INSTRUCTIONS TO FOLLOW
From start to finish, set down the entries below exactly, leaving out the pictures.

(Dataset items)
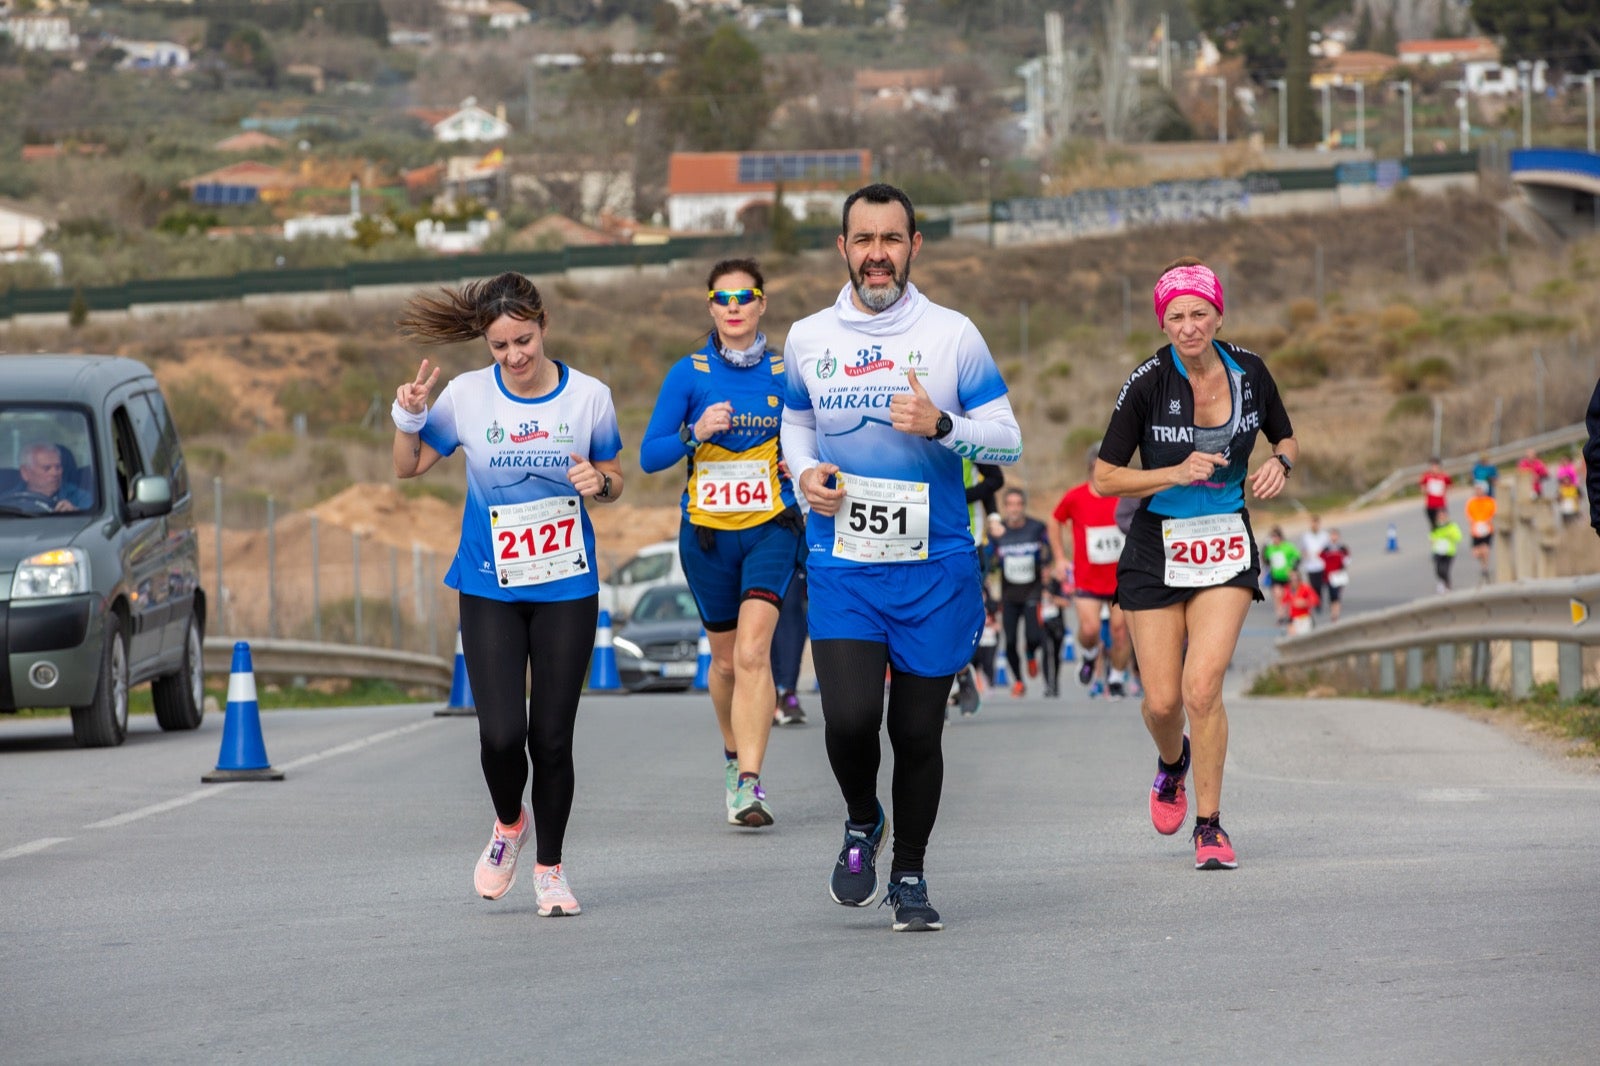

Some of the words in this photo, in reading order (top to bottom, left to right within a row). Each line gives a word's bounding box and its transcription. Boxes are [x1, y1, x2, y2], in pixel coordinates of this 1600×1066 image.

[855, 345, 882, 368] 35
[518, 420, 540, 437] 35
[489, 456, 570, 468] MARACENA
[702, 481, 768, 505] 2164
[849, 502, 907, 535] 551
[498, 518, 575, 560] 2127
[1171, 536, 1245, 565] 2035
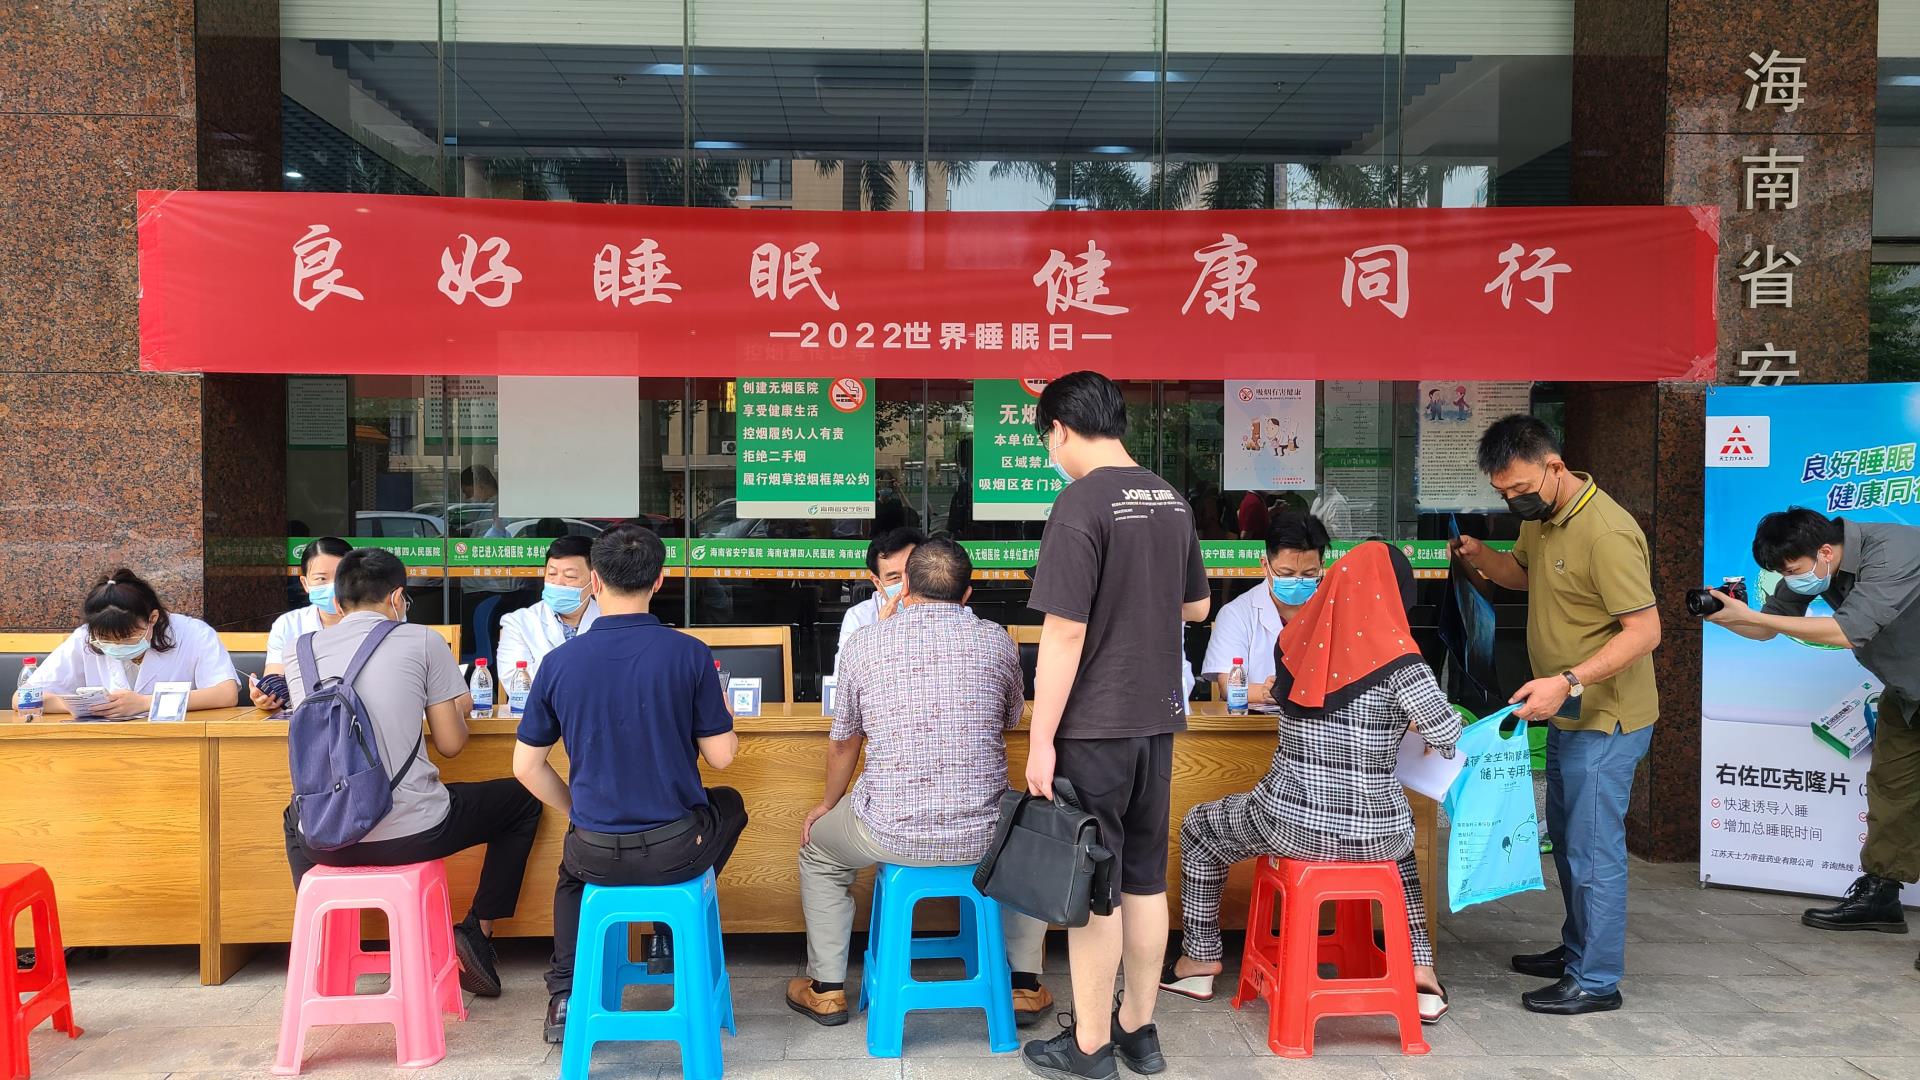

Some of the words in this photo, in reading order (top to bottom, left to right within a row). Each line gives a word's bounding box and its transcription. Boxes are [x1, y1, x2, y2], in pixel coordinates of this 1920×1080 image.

OUTPUT BELOW
Some of the words in this photo, in reading order (top to bottom, left to right within a row). Each line gives a word's bounding box and its transcription. Boxes are [x1, y1, x2, y2], in pixel coordinates of this 1600×1066 image.

[855, 345, 882, 368] 35
[518, 420, 540, 437] 35
[489, 456, 570, 468] MARACENA
[702, 481, 768, 505] 2164
[849, 502, 907, 535] 551
[498, 518, 575, 560] 2127
[1171, 536, 1245, 565] 2035

Some of the words in this photo, in reading order (top to bottom, left to right within a row). Each line gives a word's bounding box and its transcription. Boxes are [x1, y1, x2, y2], in pixel coordinates of this 1920×1080 image.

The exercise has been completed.